* **MATERIAL SHOWN**
□ □ □ □
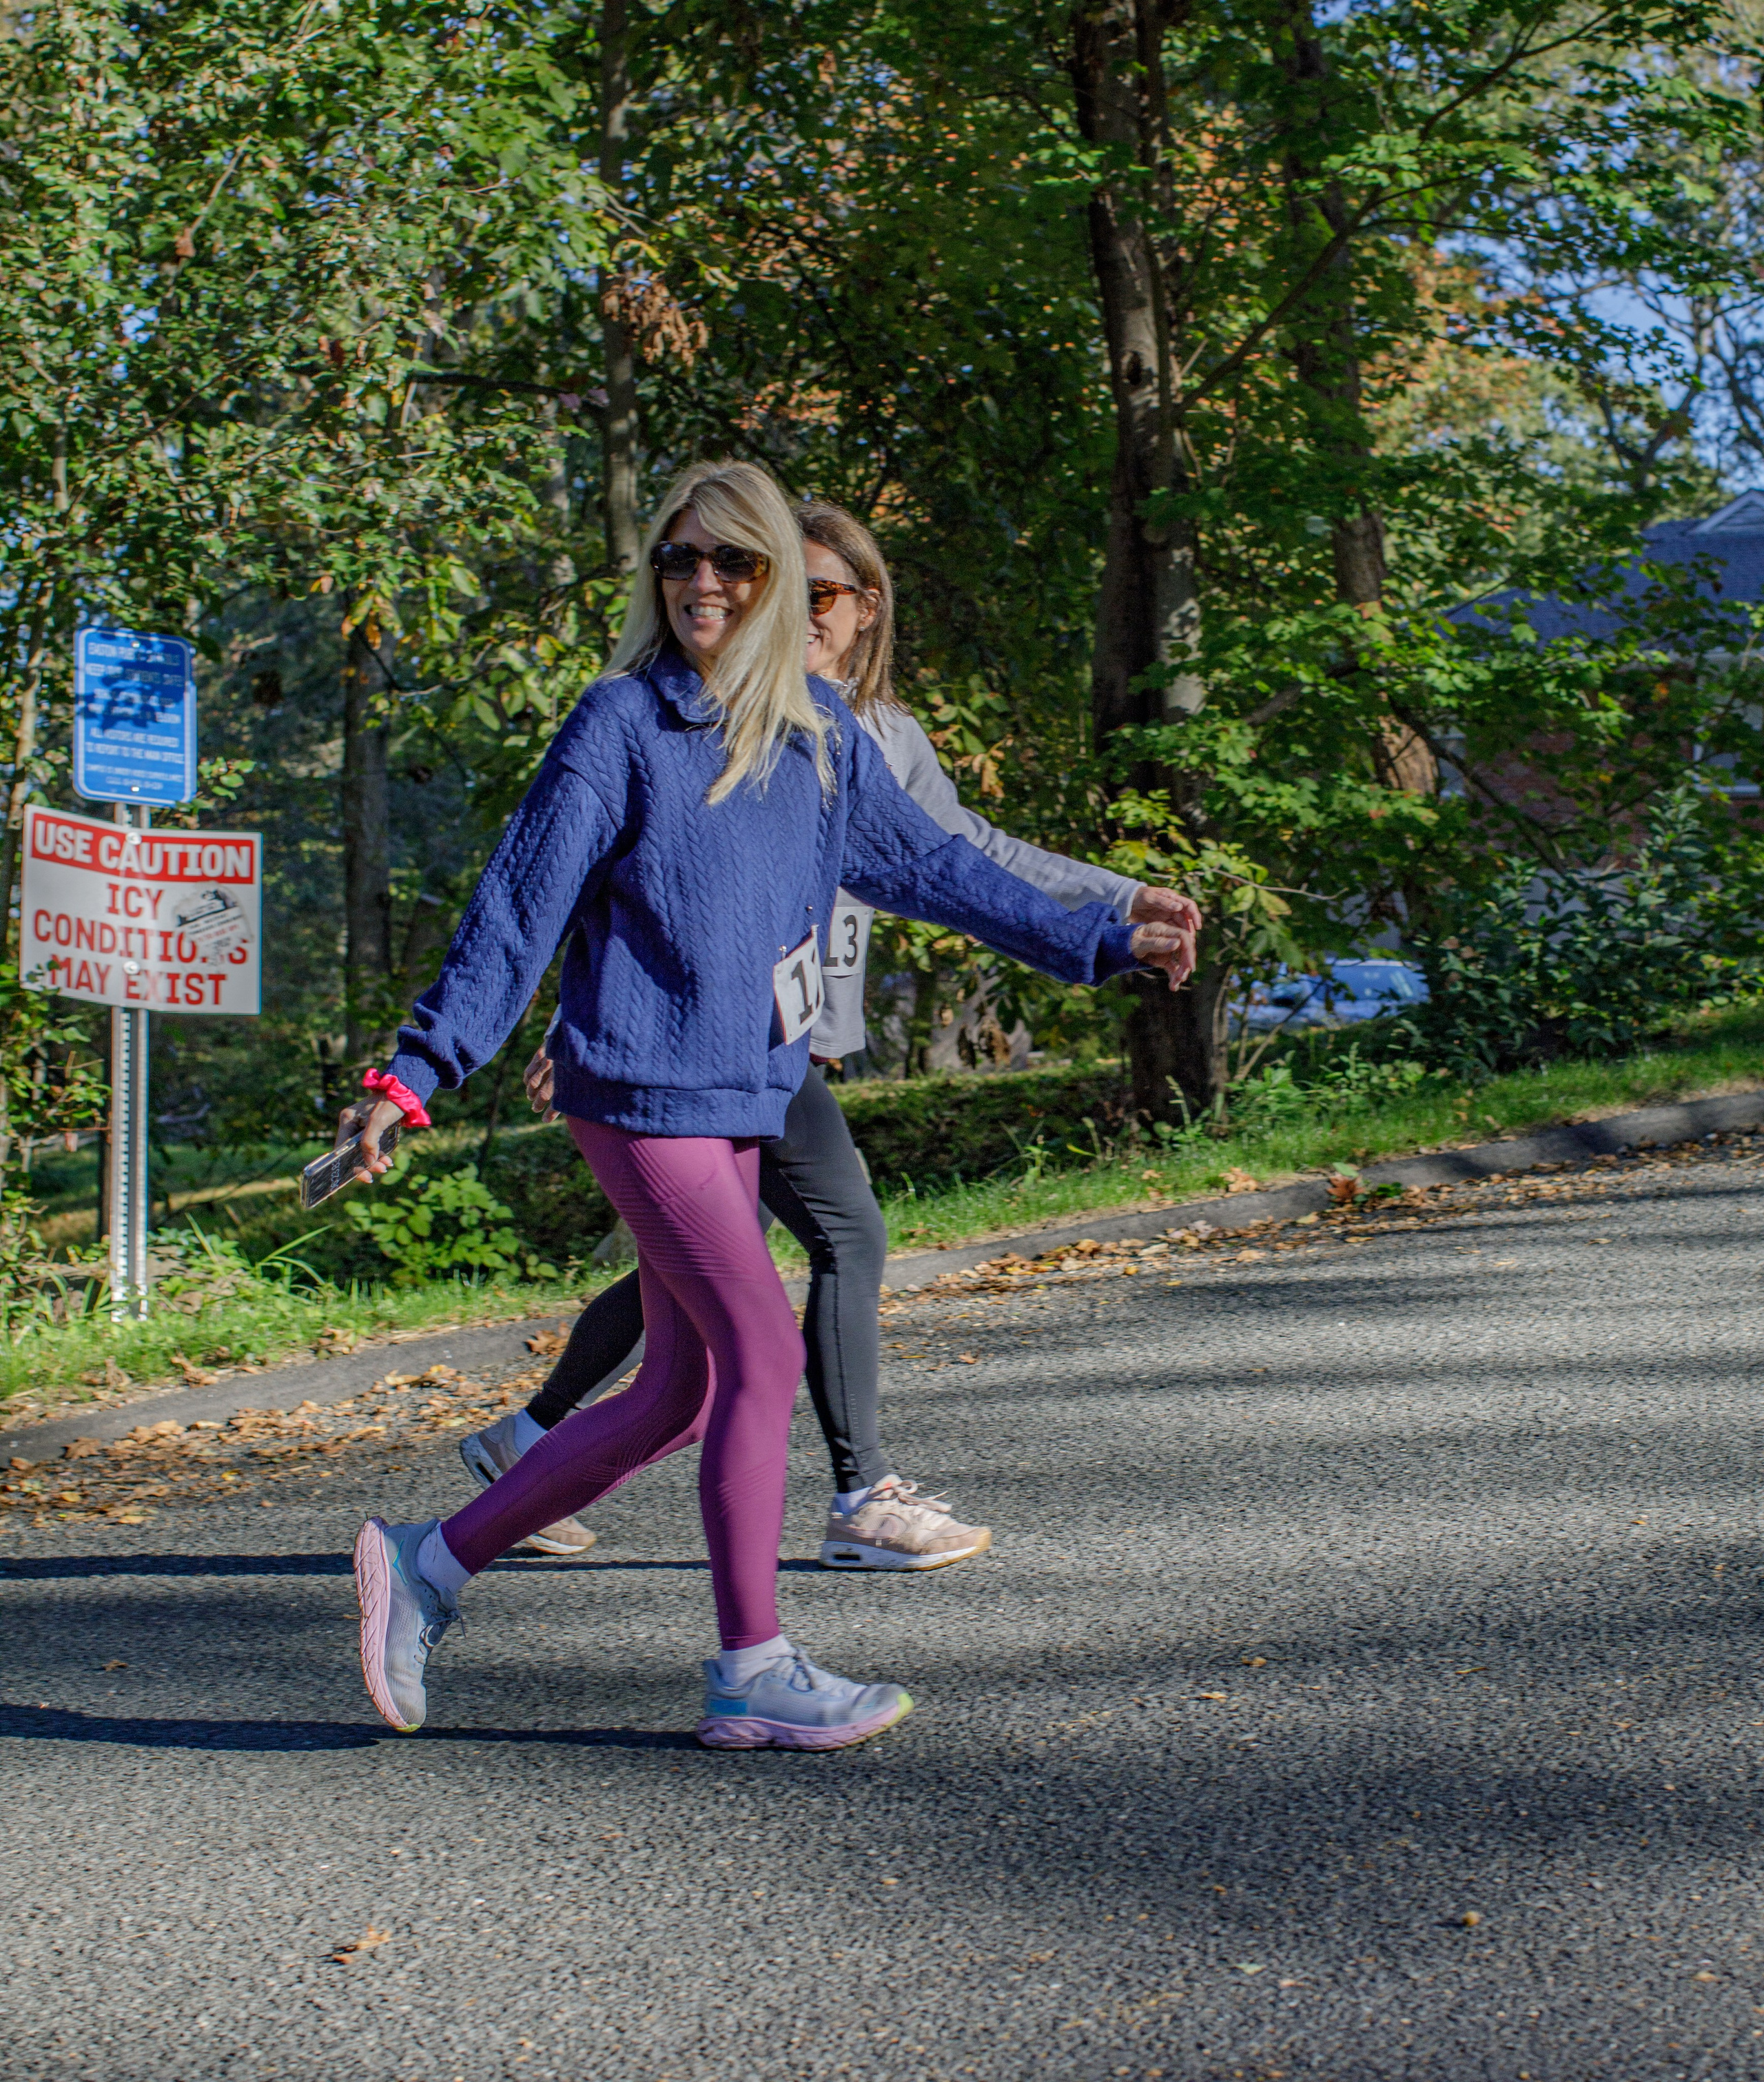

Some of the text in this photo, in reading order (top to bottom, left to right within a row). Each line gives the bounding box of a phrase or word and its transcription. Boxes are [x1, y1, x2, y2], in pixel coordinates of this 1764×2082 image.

[34, 819, 251, 878] USE CAUTION
[107, 883, 165, 920] ICY
[34, 908, 248, 964] CONDITIOS
[50, 954, 112, 995] MAY
[124, 968, 228, 1006] EXIST
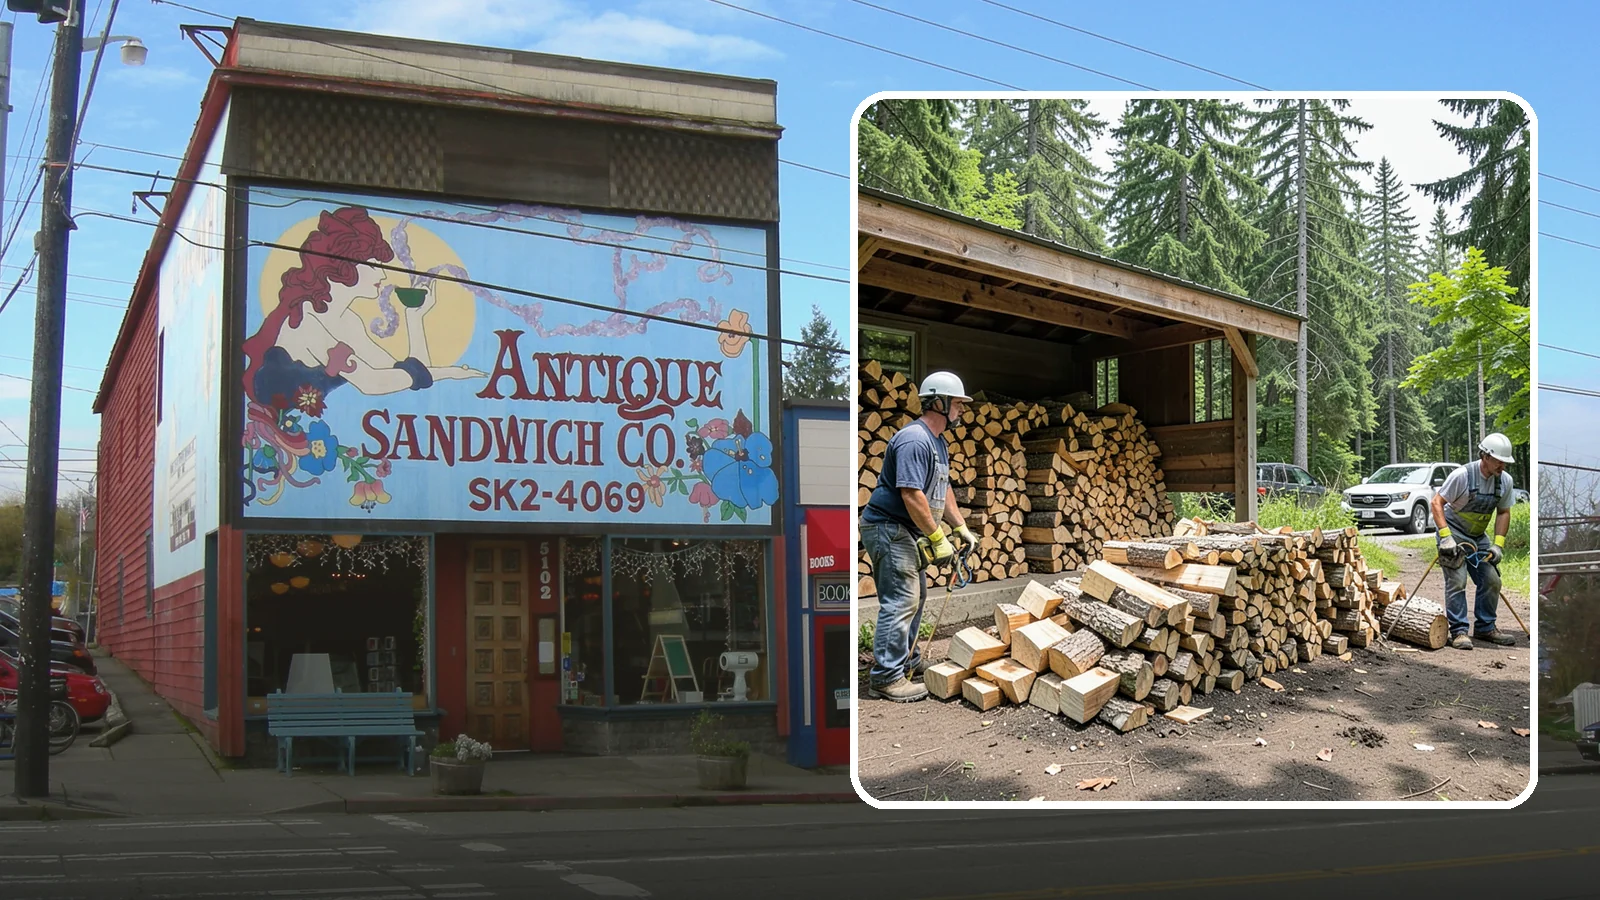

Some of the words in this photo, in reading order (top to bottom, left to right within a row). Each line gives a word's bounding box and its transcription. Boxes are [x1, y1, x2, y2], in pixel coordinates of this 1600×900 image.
□ □ □ □
* **WHAT TO PRODUCE**
Repeat the data above exactly, leaving out any pictures it holds.

* **SOLUTION BELOW**
Some of the text in this photo, in reading order (top to bottom, left to right within a row). Each line gives the bounding box of a phrase or word and its transcription. Boxes are [x1, y1, x2, y2], in pixel coordinates of this 1764×2082 image.

[34, 819, 251, 878] USE CAUTION
[107, 883, 165, 920] ICY
[34, 908, 248, 964] CONDITIOS
[50, 954, 112, 995] MAY
[124, 968, 228, 1006] EXIST

Some of the words in this photo, in reading order (top to bottom, left to right within a row). Each line gives a word's bounding box and its transcription. Boxes are [x1, y1, x2, y2], in pixel coordinates of this 1600×900 image.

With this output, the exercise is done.